London – Christie’s Photographs sale on Wednesday 16 May features over 100 works with estimates
ranging from £3,000 to £120,000. The sale brings the story of photography closer to the present with
some of the most recognisable contemporary practitioners: a diptych by Andreas Gursky, who
currently holds the auction record for the medium, entitled Schiesser, Diptych, 1991 (estimate: £80,000–120,000); Hiroshi Sugimoto’s Guggenheim Museum, New York, 1997 (estimate: £70,000–
90,000) and Helmut Newton’s large format Self-Portrait with Wife and Models ‘Vogue’ Studios, Paris 1980, measuring 139.7 x 144.8 cm (estimate: £70,000–90,000). This is an opportunity to acquire some of the most important works of the history of photography, with works by 19th century masters, and a strong focus on post-war and fashion photography, led by the work of Irving Penn, Helmut Newton and Peter Beard. The incredible roll call of subjects captured includes Picasso, Greta Garbo, Andy Warhol, Francis Bacon, Marilyn Monroe, Christy Turlington, Naomi Campbell and Barack Obama.

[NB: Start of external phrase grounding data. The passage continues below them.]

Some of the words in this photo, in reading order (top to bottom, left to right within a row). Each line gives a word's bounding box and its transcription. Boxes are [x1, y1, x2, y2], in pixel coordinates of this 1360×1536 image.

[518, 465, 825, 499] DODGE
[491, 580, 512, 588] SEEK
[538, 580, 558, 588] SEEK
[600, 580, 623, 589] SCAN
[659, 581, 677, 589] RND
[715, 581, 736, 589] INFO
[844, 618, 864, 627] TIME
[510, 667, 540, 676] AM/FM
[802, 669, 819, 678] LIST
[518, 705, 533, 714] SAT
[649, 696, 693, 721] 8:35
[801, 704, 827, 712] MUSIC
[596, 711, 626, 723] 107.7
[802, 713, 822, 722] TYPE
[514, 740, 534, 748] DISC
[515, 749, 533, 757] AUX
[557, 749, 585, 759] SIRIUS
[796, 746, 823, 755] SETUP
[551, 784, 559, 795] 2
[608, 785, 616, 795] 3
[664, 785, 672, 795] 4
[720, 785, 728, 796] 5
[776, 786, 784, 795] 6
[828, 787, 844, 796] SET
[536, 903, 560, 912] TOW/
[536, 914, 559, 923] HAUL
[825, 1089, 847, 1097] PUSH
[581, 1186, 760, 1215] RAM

Important and rare post-war works include a photograph by Constantin Brancusi from the series Bird in Space, 1923, (estimate: £6,000–8,000), which depicts one of the most expensive sculptures
ever sold at auction (Christie’s New York, 2005). The sale also features an exceptional group of works by Irving Penn, which span iconic portraits to fashion photography, with a rare to the market, vintage print of Lionel Le Grand for Christian Dior, Kerchief – Glove (Dior) Paris, 1950 (estimate: £15,000–20,000). An outstanding group photographs by Helmut Newton include one of his large
format works, On the 10th Floor of the Hilton, Paris 1976 (108.2 x 71.7 cm), which predates any editioning of his work (estimate: £30,000–50,000). Always highly sought after, these photographs come to the market at a time when Newton’s major retrospective is being held at the Grand Palais in Paris.

Another stellar example of post-war photography is the gelatin silver triptych by Richard Avedon,
Andy Warhol and Members of the Factory, New York City, 1959 (estimate: £25,000–35,000).
This piece not only represents the eccentric extravagance of Warhol’s studio, but also marks the year
in which the artist adopted a multi-panel technique that, in this case, suggests a reading of the group as a frieze of classical figures.